# OpenWebMath: An Open Dataset of High-Quality Mathematical Web Text

This codebase contains the code for the following stages of the OpenWebMath pipeline:

1. **Prefiltering**: Fast filters to remove most of the non-mathematical web documents from Common Crawl.
2. **Text Extraction**: Extracting text and LaTeX from HTML documents.
3. **Language Identification**: Identifying the language of the extracted text and filtering out non-English documents.
4. **MathScore Filtering**: Filtering out documents with low *MathScores*.
5. **Perplexity Filtering**: Filtering out documents with high perplexity.
6. **Deduplication**: Removing duplicate documents.

## Code Structure

The code is organized into three separate folders:

1. `text_extraction` contains the code for extracting text and LaTeX from HTML documents.
2. `extract_from_cc` contains the code for extracting the dataset from Common Crawl, including prefiltering, language identification, MathScore filtering, and perplexity filtering.
3. `filtering` includes many of the manual filtering steps, including blacklisted domains.

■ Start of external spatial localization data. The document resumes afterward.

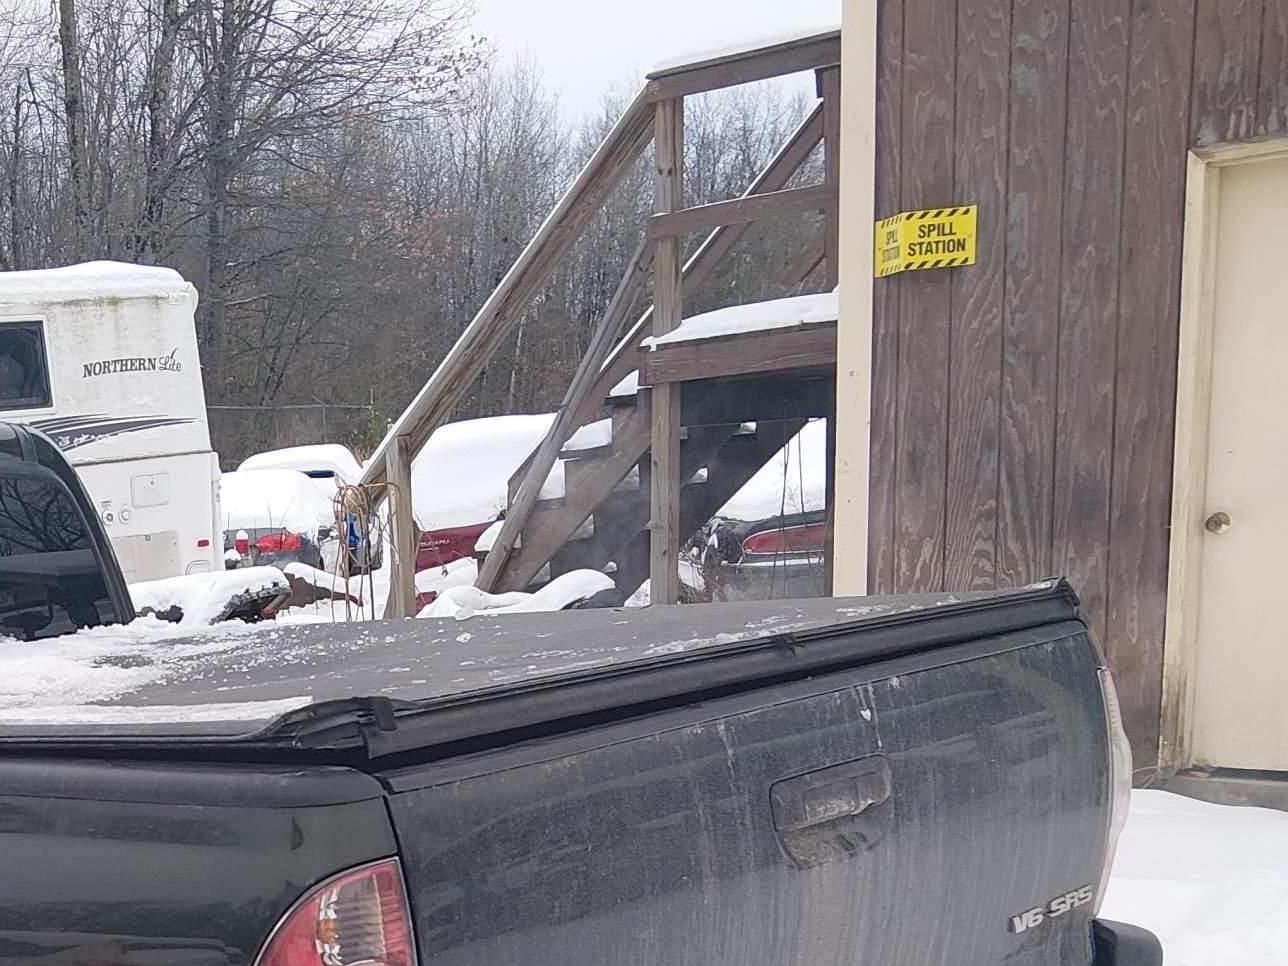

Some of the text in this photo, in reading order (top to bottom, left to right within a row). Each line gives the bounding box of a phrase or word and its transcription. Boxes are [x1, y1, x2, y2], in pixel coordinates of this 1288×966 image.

[918, 222, 957, 239] SPILL
[907, 238, 967, 257] STATION
[82, 349, 182, 378] NORTHERN Lite
[1012, 906, 1044, 934] V6
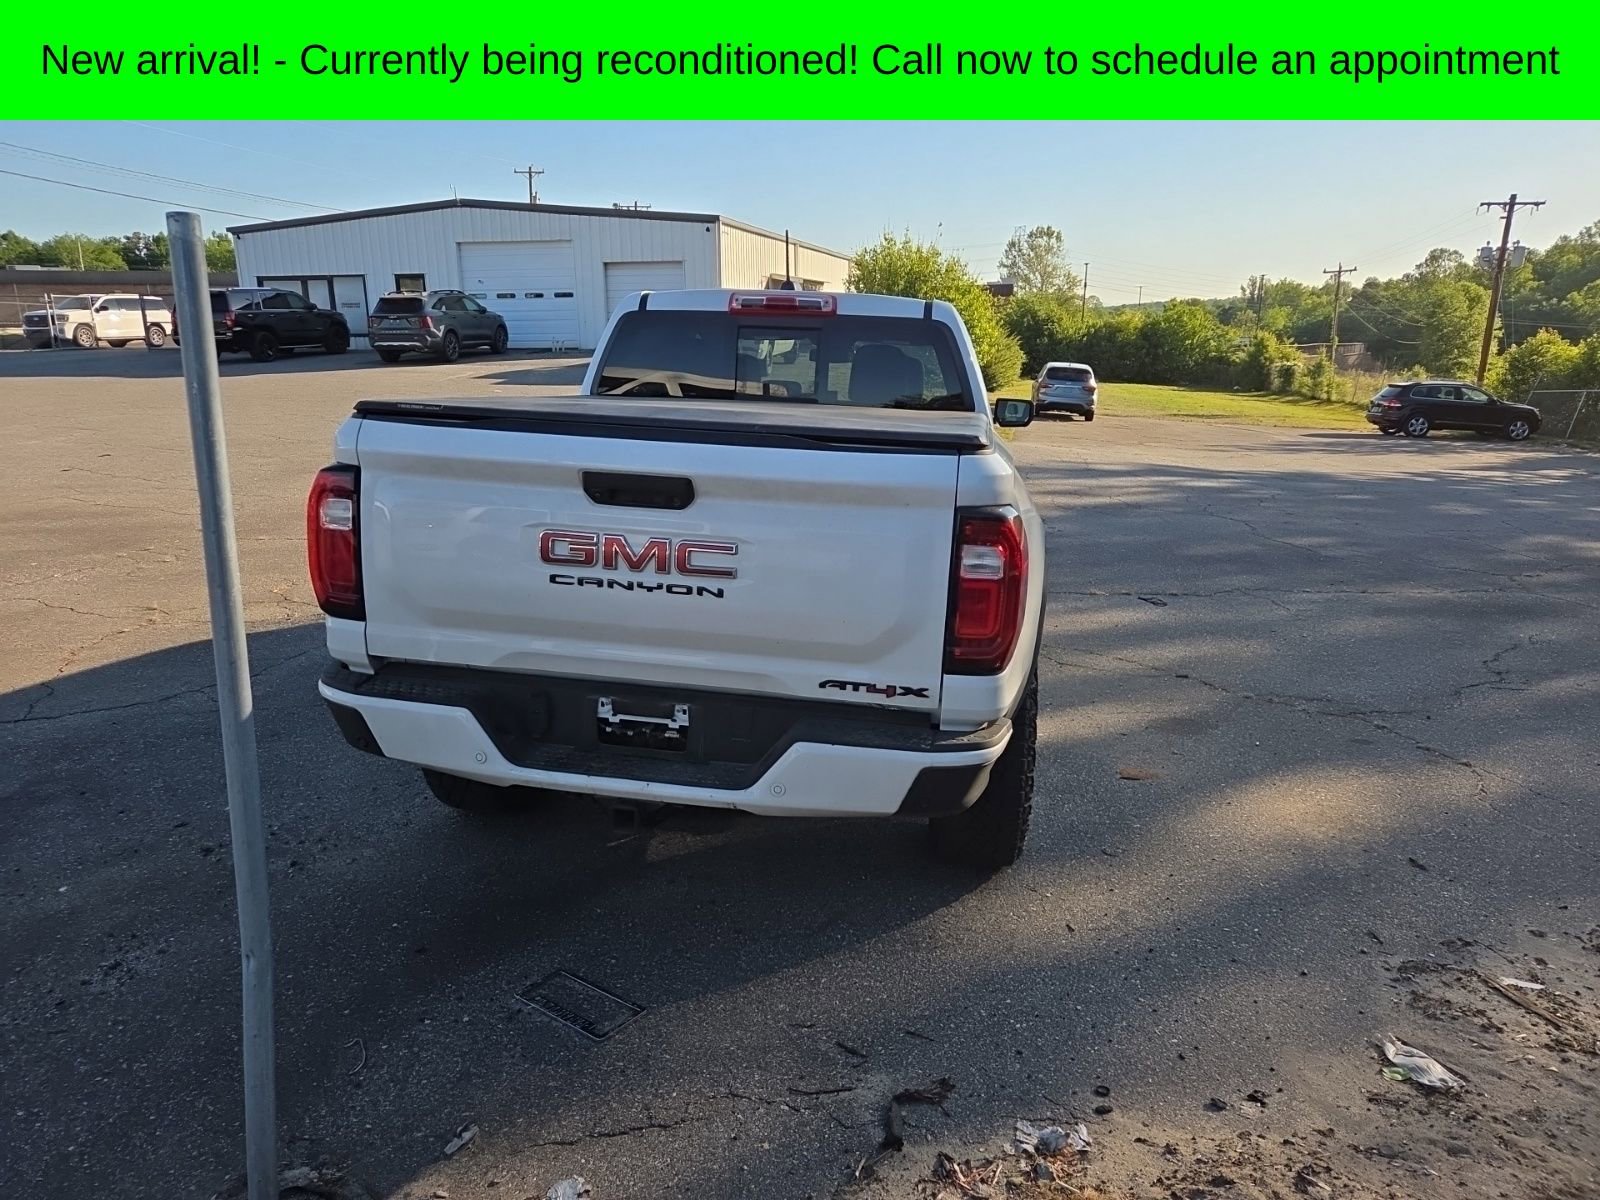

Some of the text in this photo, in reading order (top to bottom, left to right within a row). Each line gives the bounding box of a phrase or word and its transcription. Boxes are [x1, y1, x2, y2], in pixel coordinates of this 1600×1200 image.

In order to run the `extract_from_cc` code, you either need to run it in Apache Spark or manually run `extract_from_warc.py` by passing in a WARC file as an argument.

For deduplication, please use the [text-dedup](https://github.com/ChenghaoMou/text-dedup) library.

Finally, for filtering, `filter.py` contains the code to load a Hugging Face dataset and filter it based on our heuristics.

## Artifact Access During Review

Due to the double-blind nature of the review period and the large file sizes involved, we are unable to provide access to the entire dataset, *MathScore* model, KenLM models, or any of the Pythia models during the review period. We do, however, include a small sample of 10,000 samples from the dataset in `sample_dataset.jsonl`.